Monday, November 2, 2020

A Decade Without Seattle

 Yesterday brought us to the the ten year mark after our cat Seattle's death.  I didn't write about on the 1st.  Too raw.  Today, I'll simply link my writing from that time.  It still rings true, bringing up memories grand and grim.

We still have Honor with us, thank God.  And her new "brother" Finnegan is above me in a cat tree as I write this.  So blessed.

Still such a great loss.

Wherever you are, Seattle, I love you.

2 November 2020

Wednesday, April 24, 2019

Ezri

My beloved cat Ezri came home with me twenty years ago today.  While she has been gone now for longer than she was with me, I miss her still.  Thoughts of her never fail to put a smile on my face.  She gives still to this day.

I love you, Ezri.


24 April 2019

Wednesday, March 14, 2018

Stephen Hawking

I was greeted this morning with the sad news of the death of physicist Stephen Hawking.  Like so very many around the world, I was a huge fan of Hawking, in awe of both his mind and his spirit.  I have long been interested in science -- completely as a layman -- and this interest lead me to read A Brief History of Time upon its publication.  While it is somewhat more common now, brilliant scientists explaining their work and concepts in language that the rest of can follow was all-too-rare then, so this was a welcome revelation.  His follow-up books were the same.  And as a dyed-in-the-wool geek, Hawking's appearances on Star Trek: The Next Generation, The Simpsons, and The Big Bang Theory have always brought a smile to my face!  I told my wife this morning that I very much hope that Sheldon Cooper is allowed to give the goodbye to his friend that they both deserve.
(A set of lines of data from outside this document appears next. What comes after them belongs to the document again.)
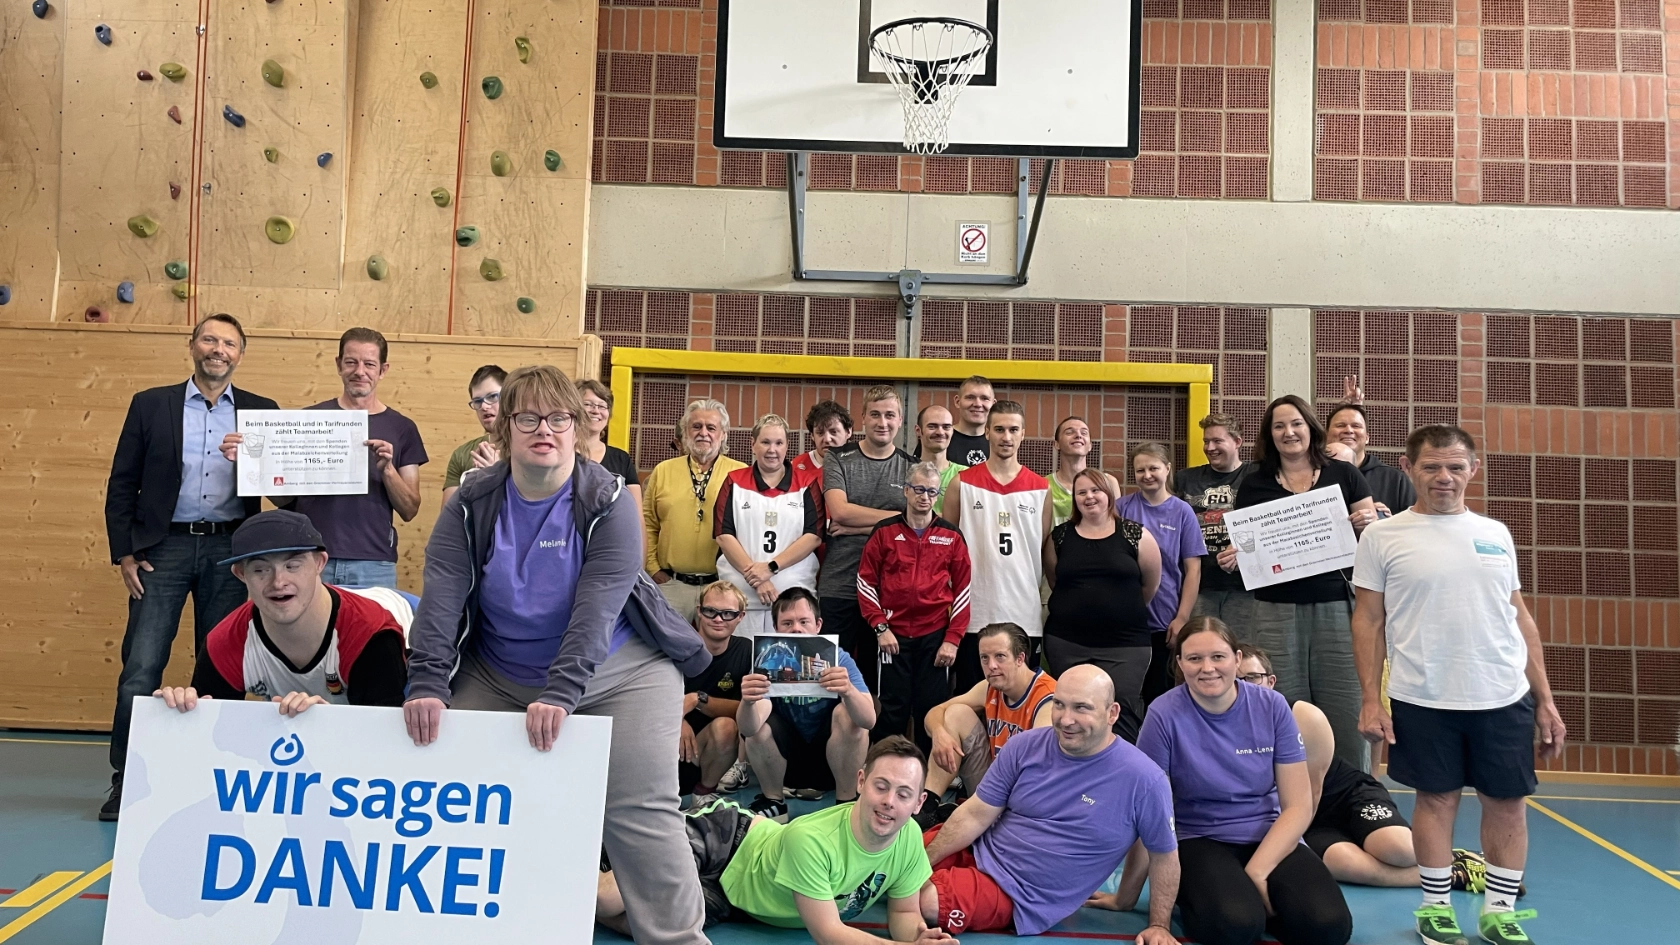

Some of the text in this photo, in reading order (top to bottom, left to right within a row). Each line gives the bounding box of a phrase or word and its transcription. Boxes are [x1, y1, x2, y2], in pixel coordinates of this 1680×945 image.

[1249, 510, 1282, 522] Basketball
[1302, 496, 1338, 509] Tarifrunden
[1277, 510, 1313, 523] Teamarbeit!
[763, 530, 777, 554] 3
[999, 532, 1013, 556] 5
[1294, 540, 1314, 548] 1165,-
[1315, 535, 1330, 543] Euro
[213, 733, 512, 838] wir sagen
[1081, 794, 1096, 805] Tony
[201, 834, 506, 918] DANKE!
[948, 909, 966, 928] 62
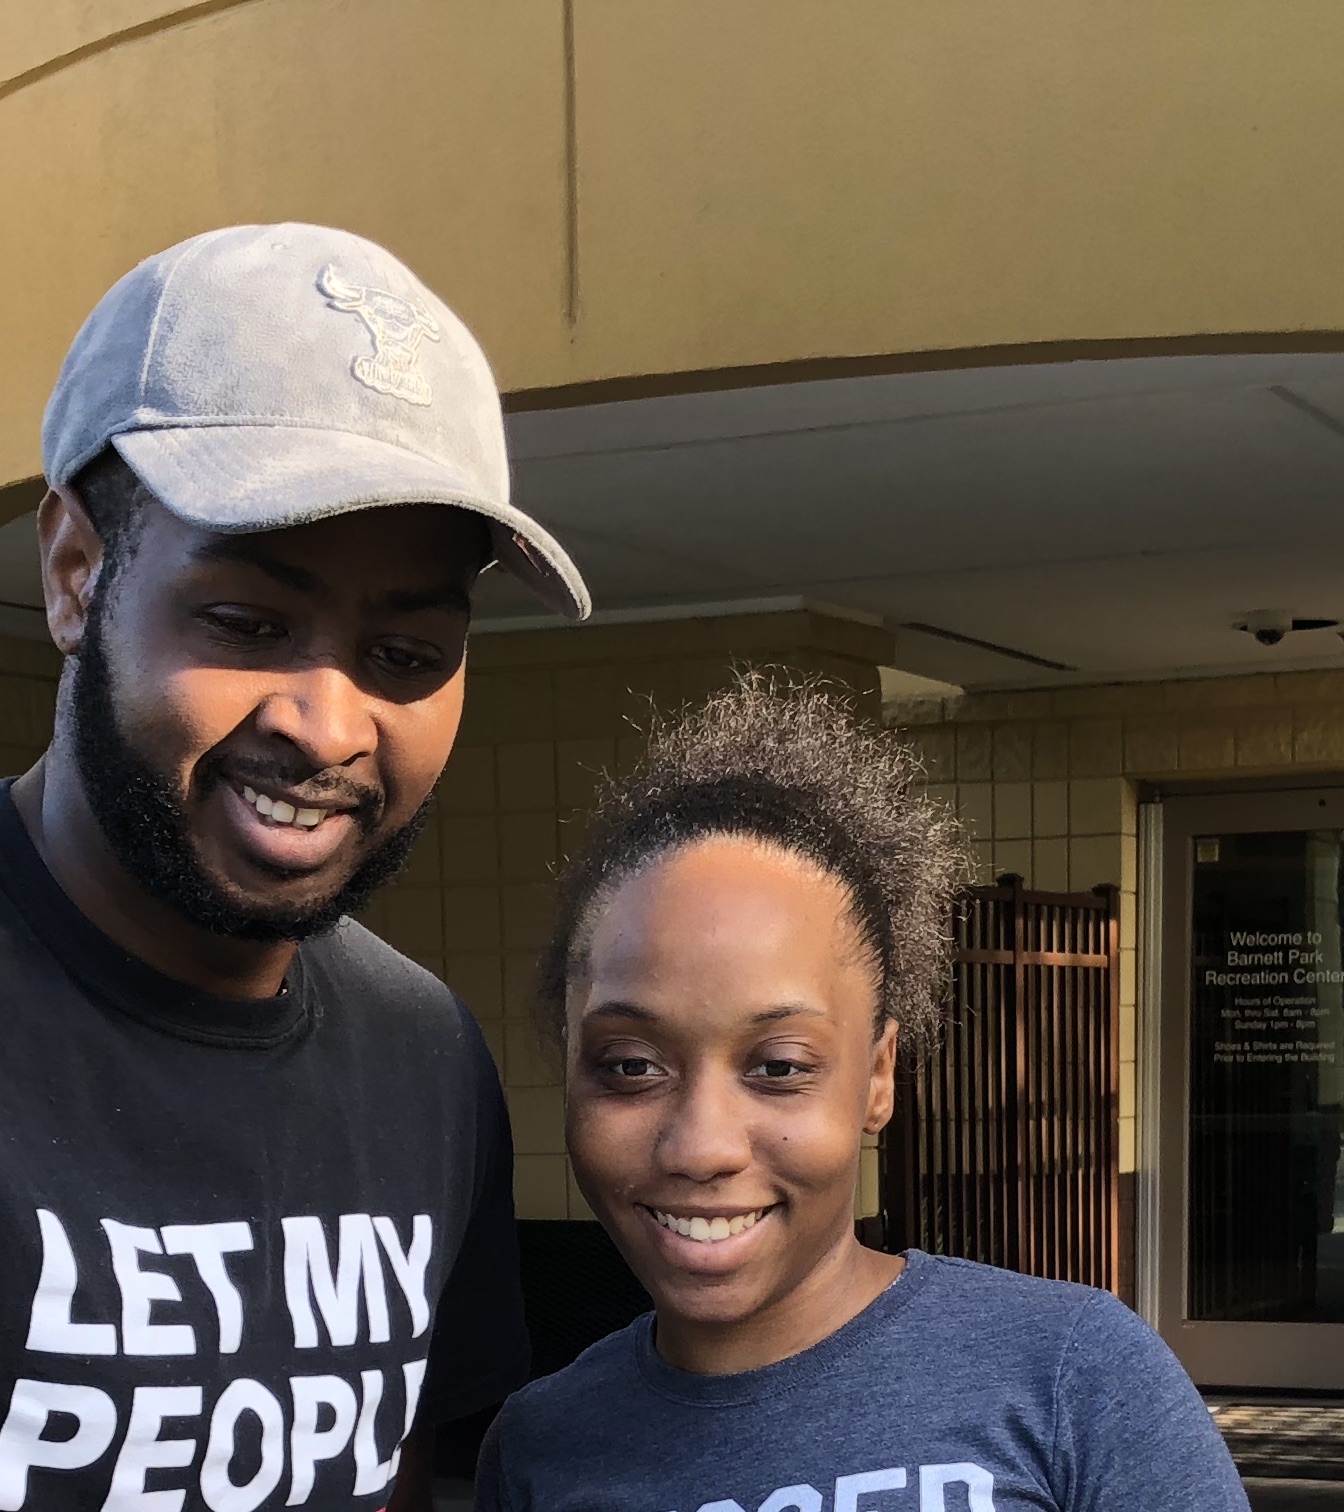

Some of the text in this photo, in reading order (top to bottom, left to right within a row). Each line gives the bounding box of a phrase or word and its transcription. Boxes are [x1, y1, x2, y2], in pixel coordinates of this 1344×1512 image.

[1229, 931, 1322, 946] Welcome to
[1227, 949, 1324, 966] Barnett Park
[1205, 970, 1288, 985] Recreation
[25, 1208, 432, 1356] LET MY
Hawking was not perfect.  I didn't expect him to be.  I appreciated his amazing courage in facing ALS for so very long as much as his beautiful mind.  In reading several obituaries for him today, one passage from The Huffington Post's writing by Joe Satran and Ryan Grenoble really jumped out at me.
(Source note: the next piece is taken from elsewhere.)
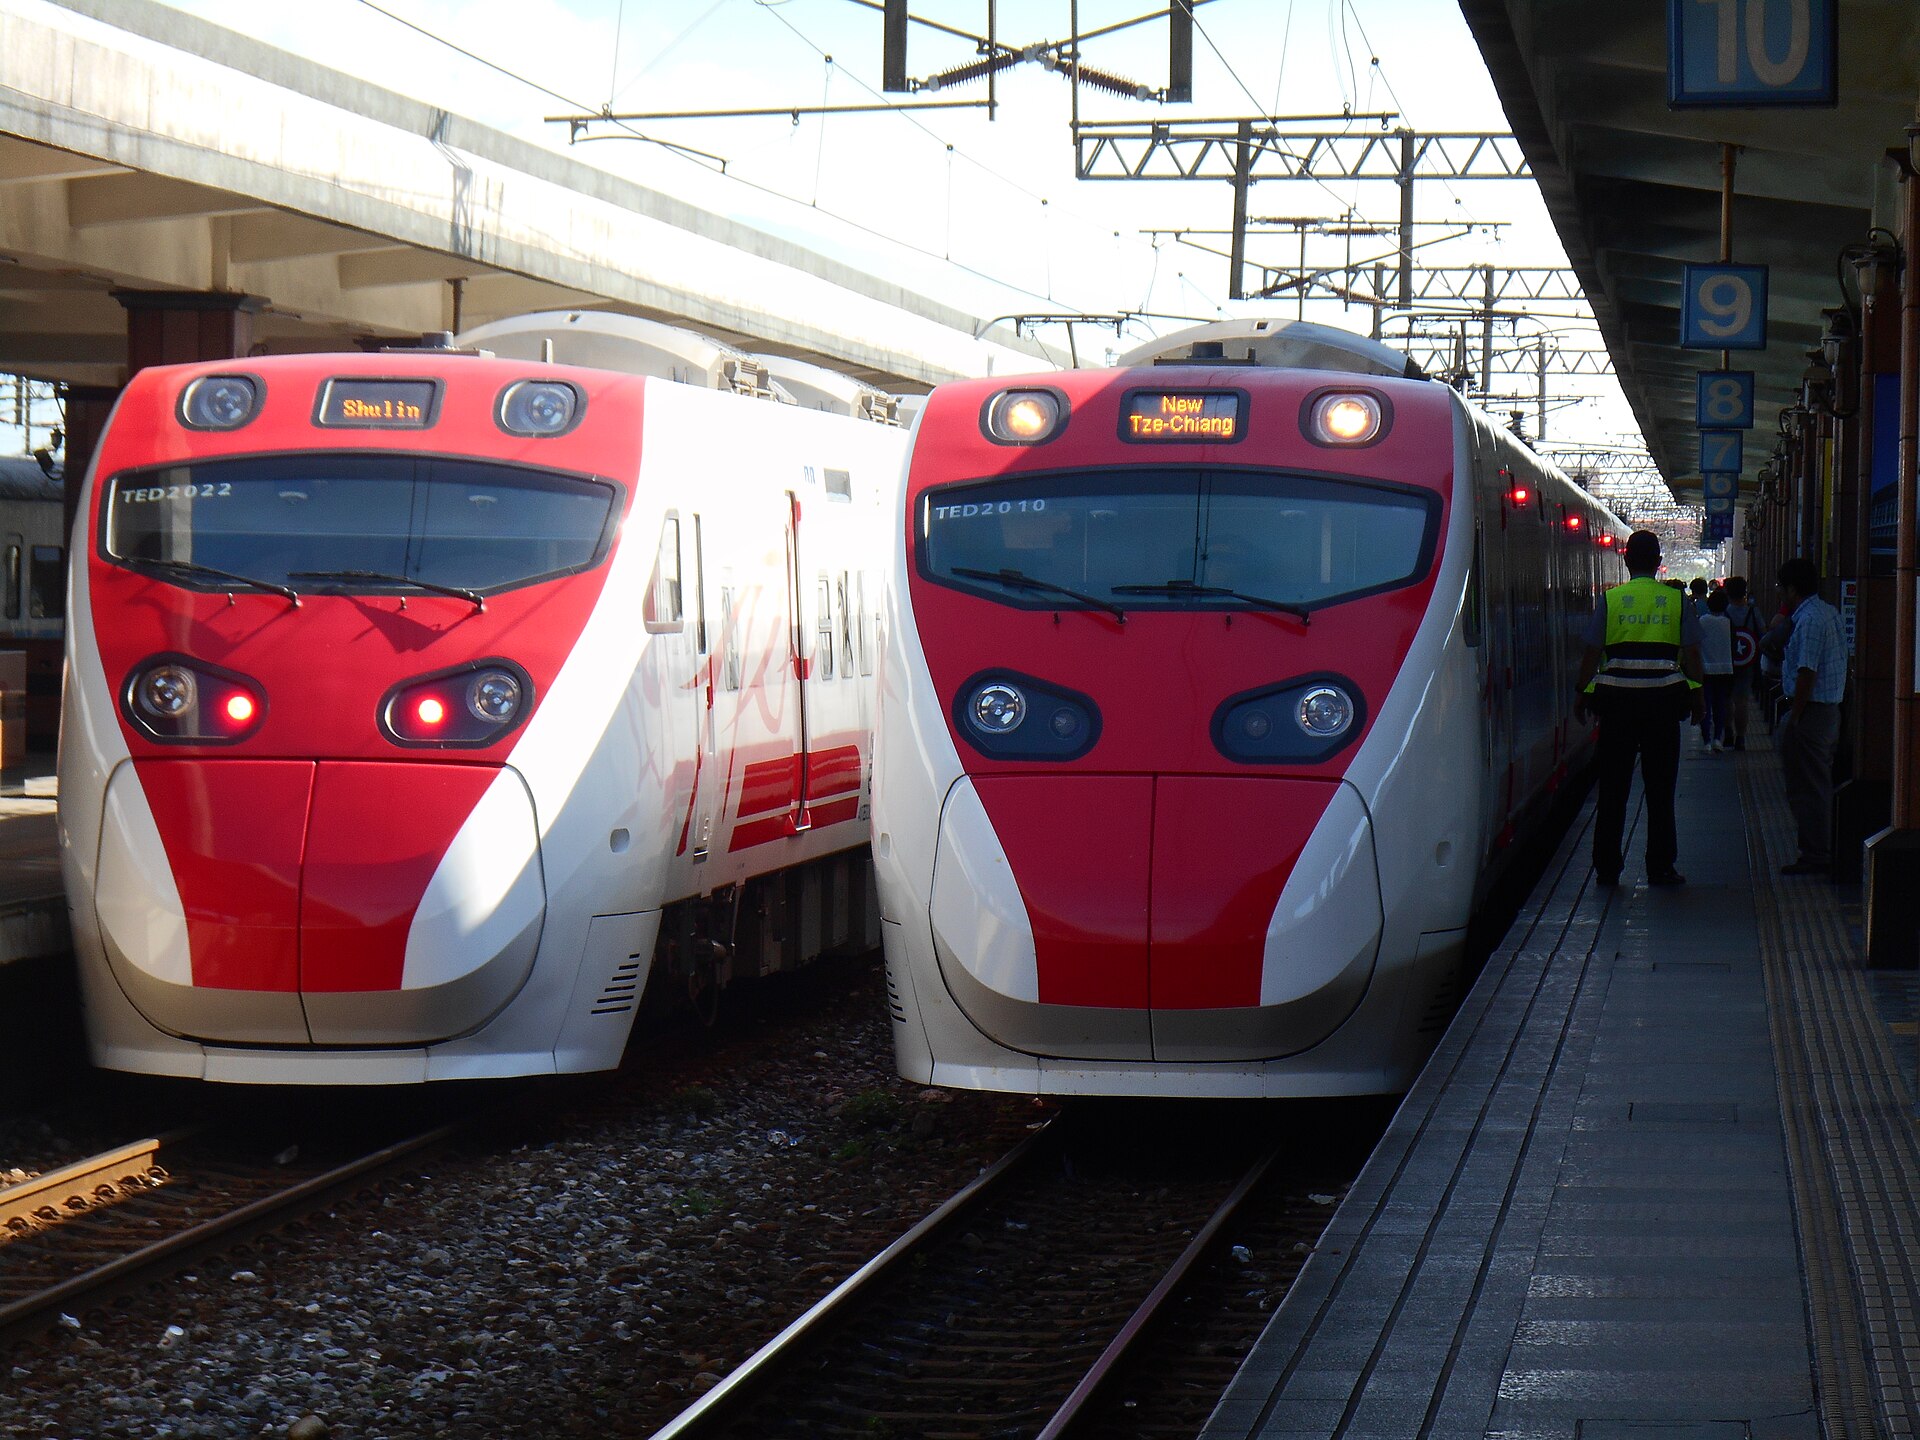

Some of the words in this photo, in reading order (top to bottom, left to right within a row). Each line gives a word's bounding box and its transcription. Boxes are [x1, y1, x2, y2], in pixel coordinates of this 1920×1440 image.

While studying at Cambridge, Hawking met Wilde, a fellow St. Albans native who was a student in modern languages at Westfield College in London at the time. Before the two started dating, Hawking collapsed while ice skating and couldn’t get up. His mother made him go to the doctor, who diagnosed him with ALS and estimated he had just over two years to live. 
Years later, during a symposium at Cambridge on his 70th birthday, Hawking reflected on how much he struggled to stay motivated after his diagnosis. Why work so hard for a Ph.D. when you could be dead in two years? 
“Remember to look up at the stars and not down at your feet,” he said. “Try to make sense of what you see and about what makes the universe exist. Be curious. And however difficult life may seem, there is always something you can do, and succeed at. It matters that you don’t just give up.”
Hawking didn't believe in an afterlife. I hope that he was wrong and that he can now soar among the stars forever. Regardless, he -- like us all -- was made of star stuff.

14 March 2018

Monday, February 26, 2018

Radiolab - The Gun Show

One of my favorite podcasts Radiolab rebroadcast an episode called The Gun Show this weekend.  It is the sad, sordid tale of the Second Amendment and the NRA.  It is very much worth a listen.